_Task statement_
With the pictures left out, copy the listing below exactly.
== Segment start ==
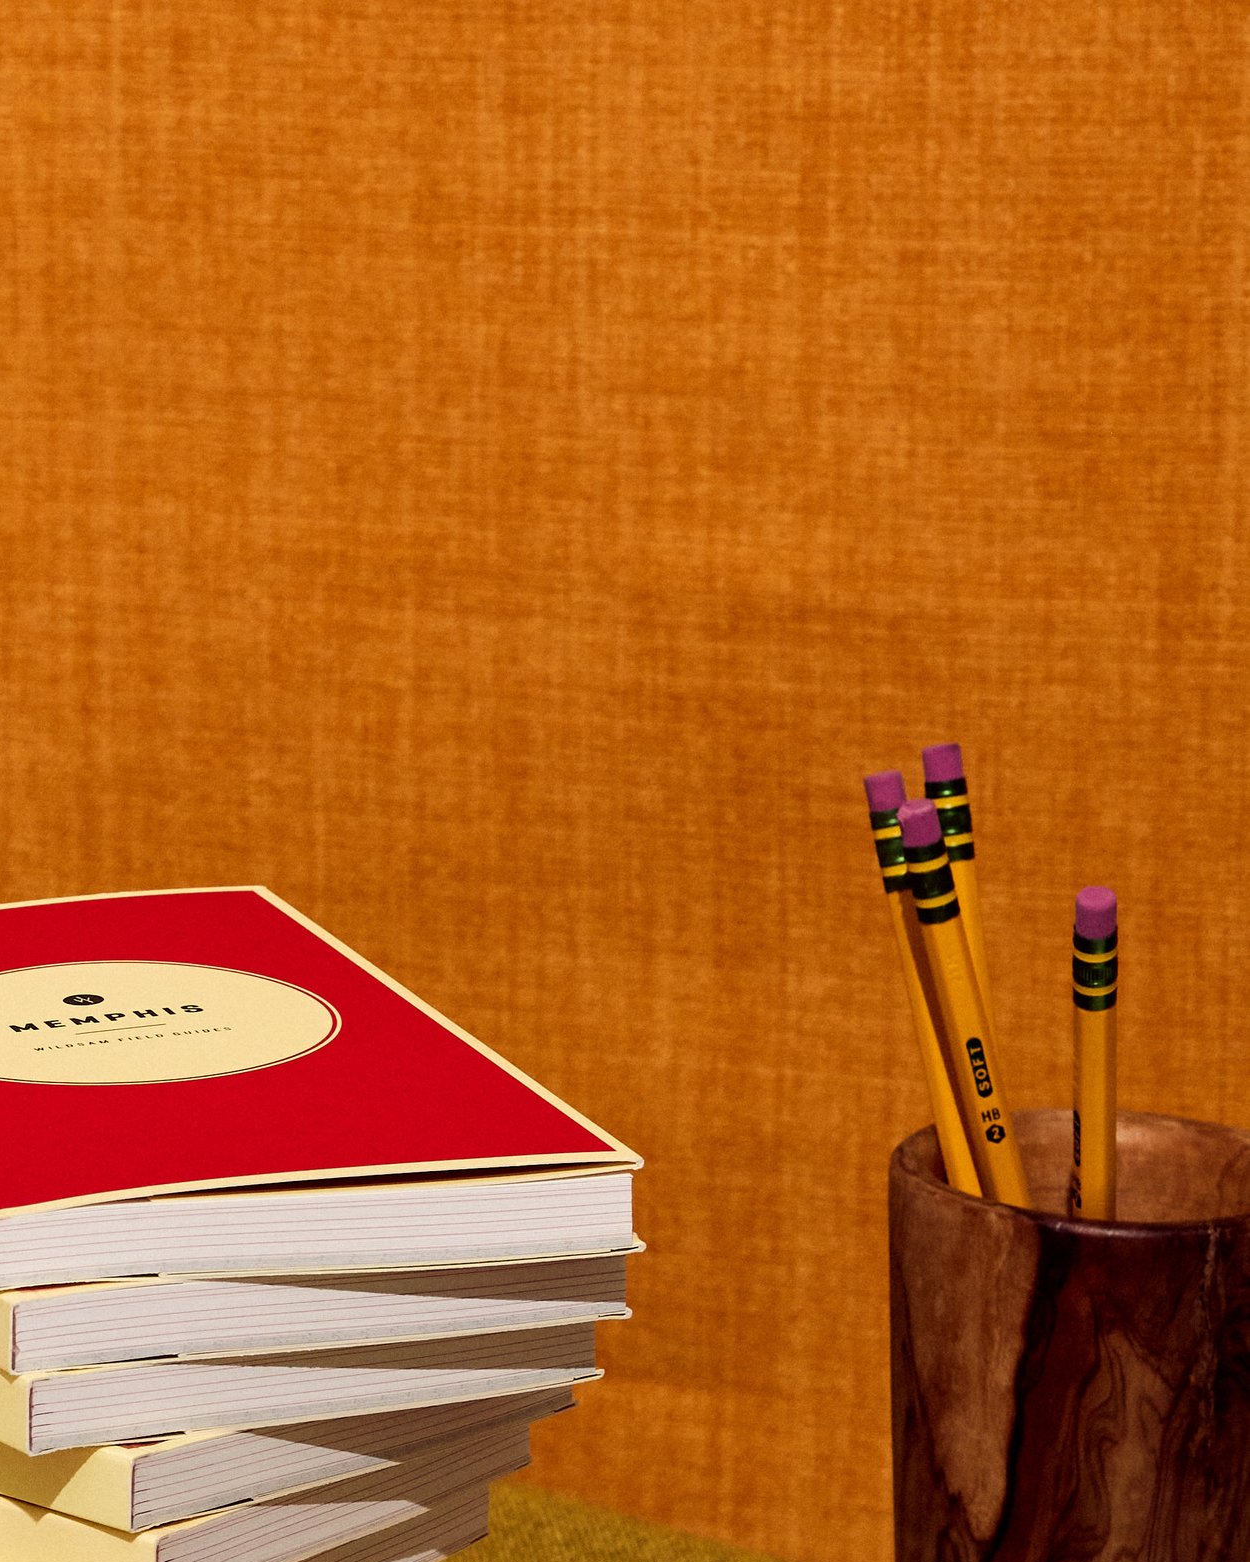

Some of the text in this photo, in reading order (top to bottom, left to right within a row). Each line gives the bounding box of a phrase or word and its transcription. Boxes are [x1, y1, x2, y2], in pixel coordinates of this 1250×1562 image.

[8, 1004, 205, 1034] MEMPHIS
[33, 1025, 233, 1053] WILDSAM FIELD GUIDES
[970, 1046, 991, 1093] SOFT
[980, 1106, 1002, 1124] HB
[991, 1127, 1001, 1140] 2
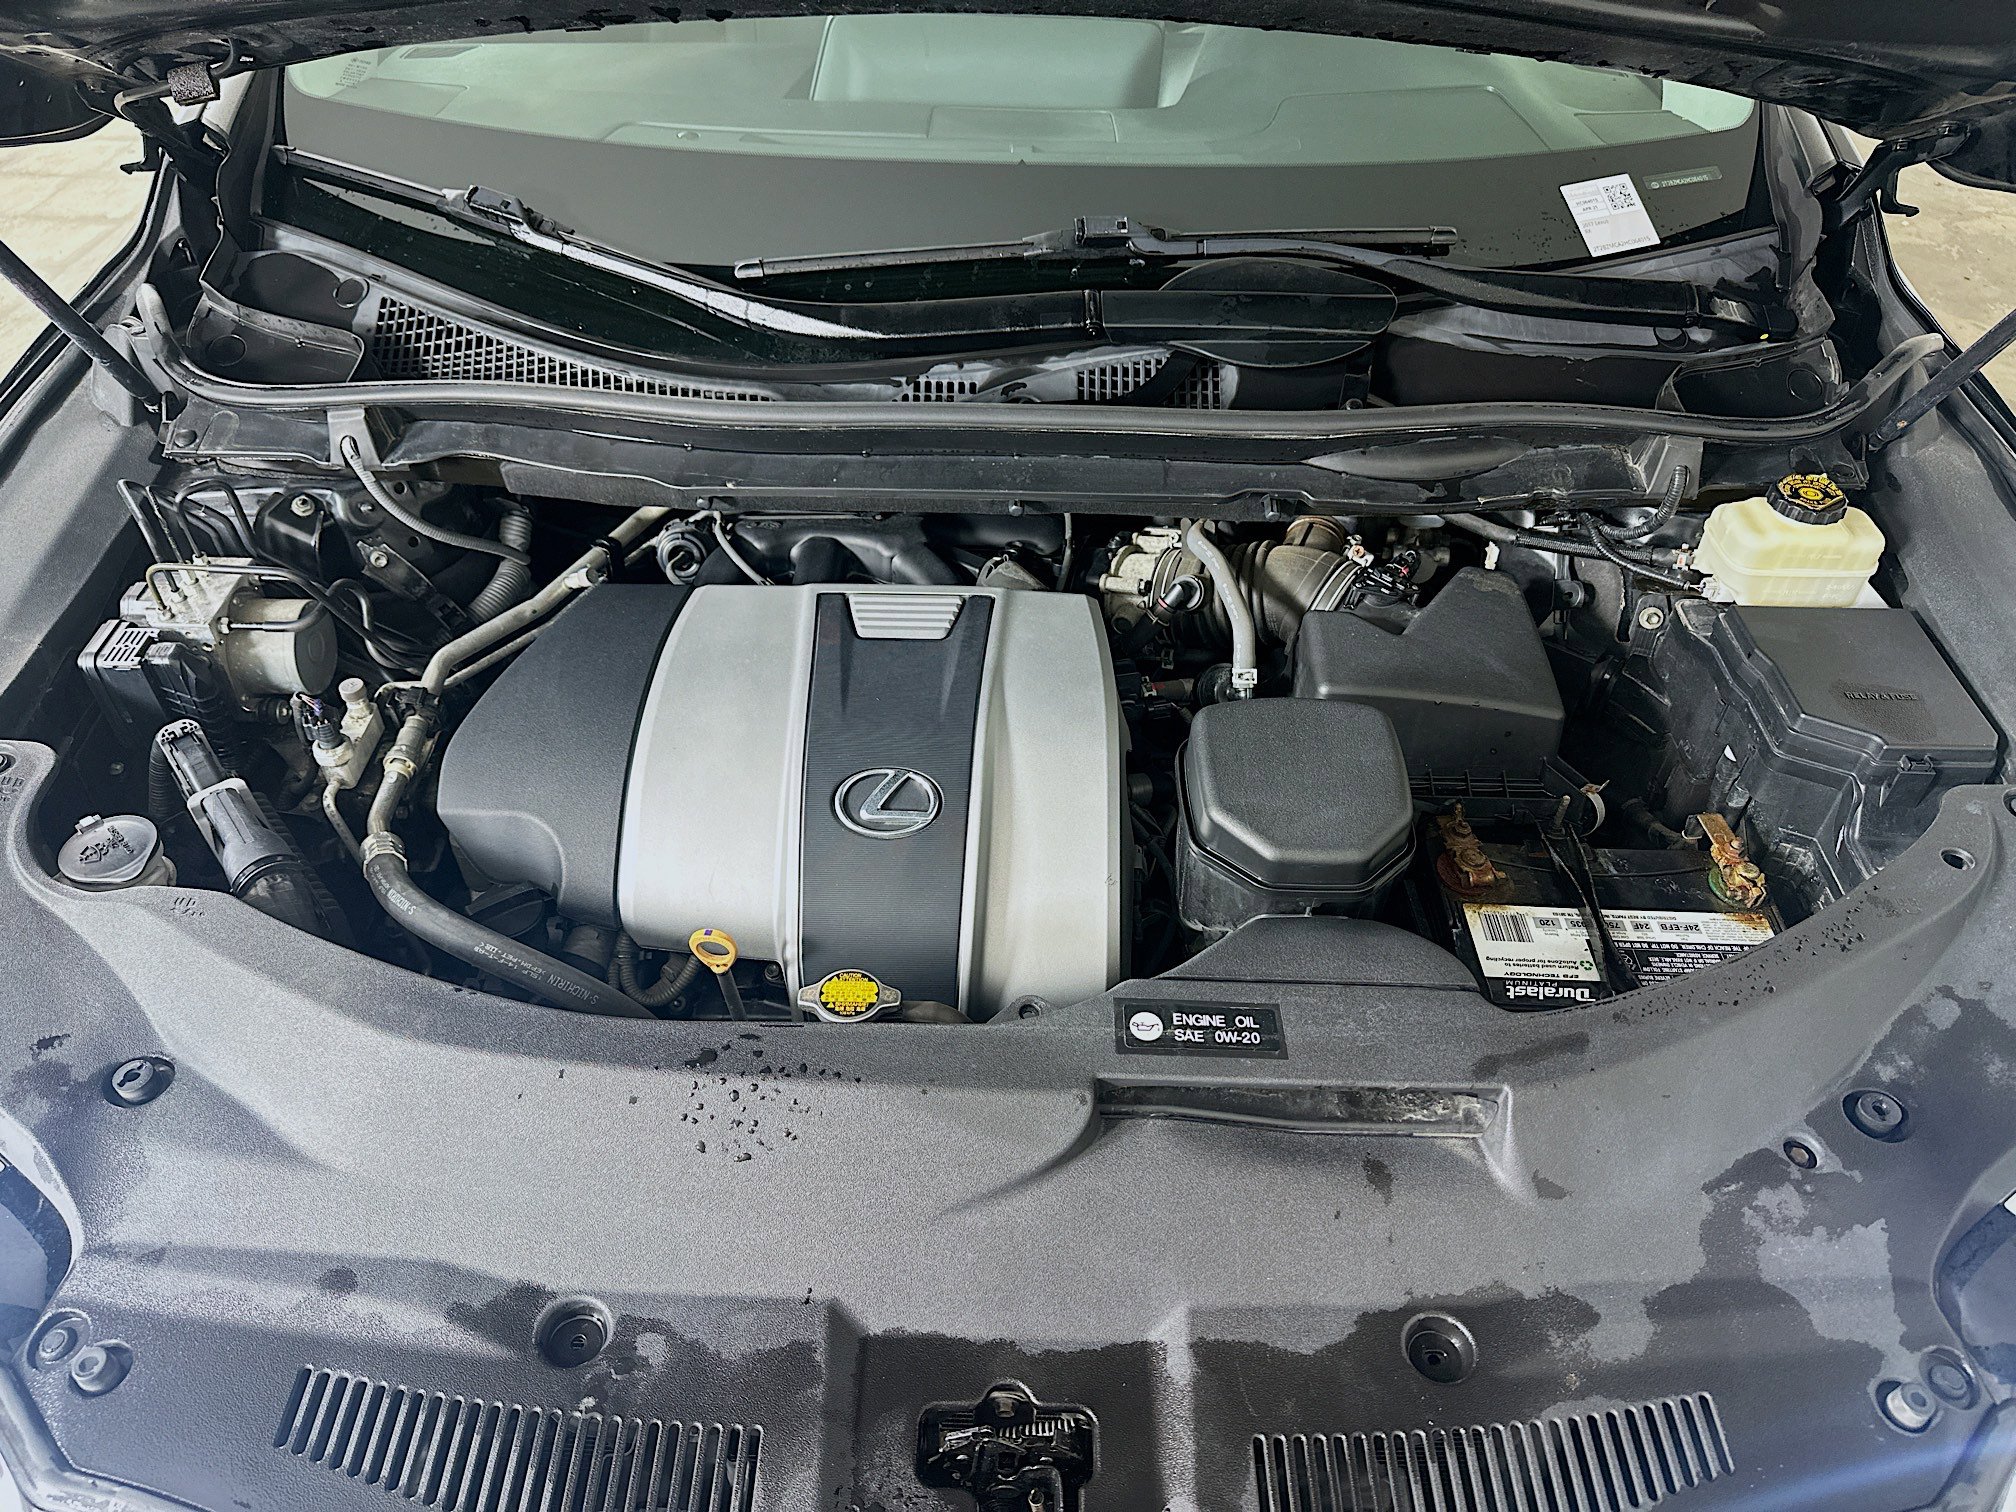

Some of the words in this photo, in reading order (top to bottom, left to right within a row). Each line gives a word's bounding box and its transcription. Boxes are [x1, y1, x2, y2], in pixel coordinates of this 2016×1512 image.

[1506, 986, 1596, 1001] Duralast
[1172, 1012, 1226, 1027] ENGINE
[1234, 1015, 1260, 1028] OIL
[1174, 1028, 1204, 1042] SAE
[1214, 1031, 1261, 1044] 0W-20
== Segment end ==
_Output of the task_
Some of the text in this photo, in reading order (top to bottom, left to right within a row). Each line gives the bounding box of a phrase or word and its transcription. Boxes are [x1, y1, x2, y2], in pixel coordinates of this 1250×1562 image.

[8, 1004, 205, 1034] MEMPHIS
[33, 1025, 233, 1053] WILDSAM FIELD GUIDES
[970, 1046, 991, 1093] SOFT
[980, 1106, 1002, 1124] HB
[991, 1127, 1001, 1140] 2

Some of the words in this photo, in reading order (top to bottom, left to right within a row). Each line gives a word's bounding box and its transcription. Boxes are [x1, y1, x2, y2], in pixel coordinates of this 2016×1512 image.

[1506, 986, 1596, 1001] Duralast
[1172, 1012, 1226, 1027] ENGINE
[1234, 1015, 1260, 1028] OIL
[1174, 1028, 1204, 1042] SAE
[1214, 1031, 1261, 1044] 0W-20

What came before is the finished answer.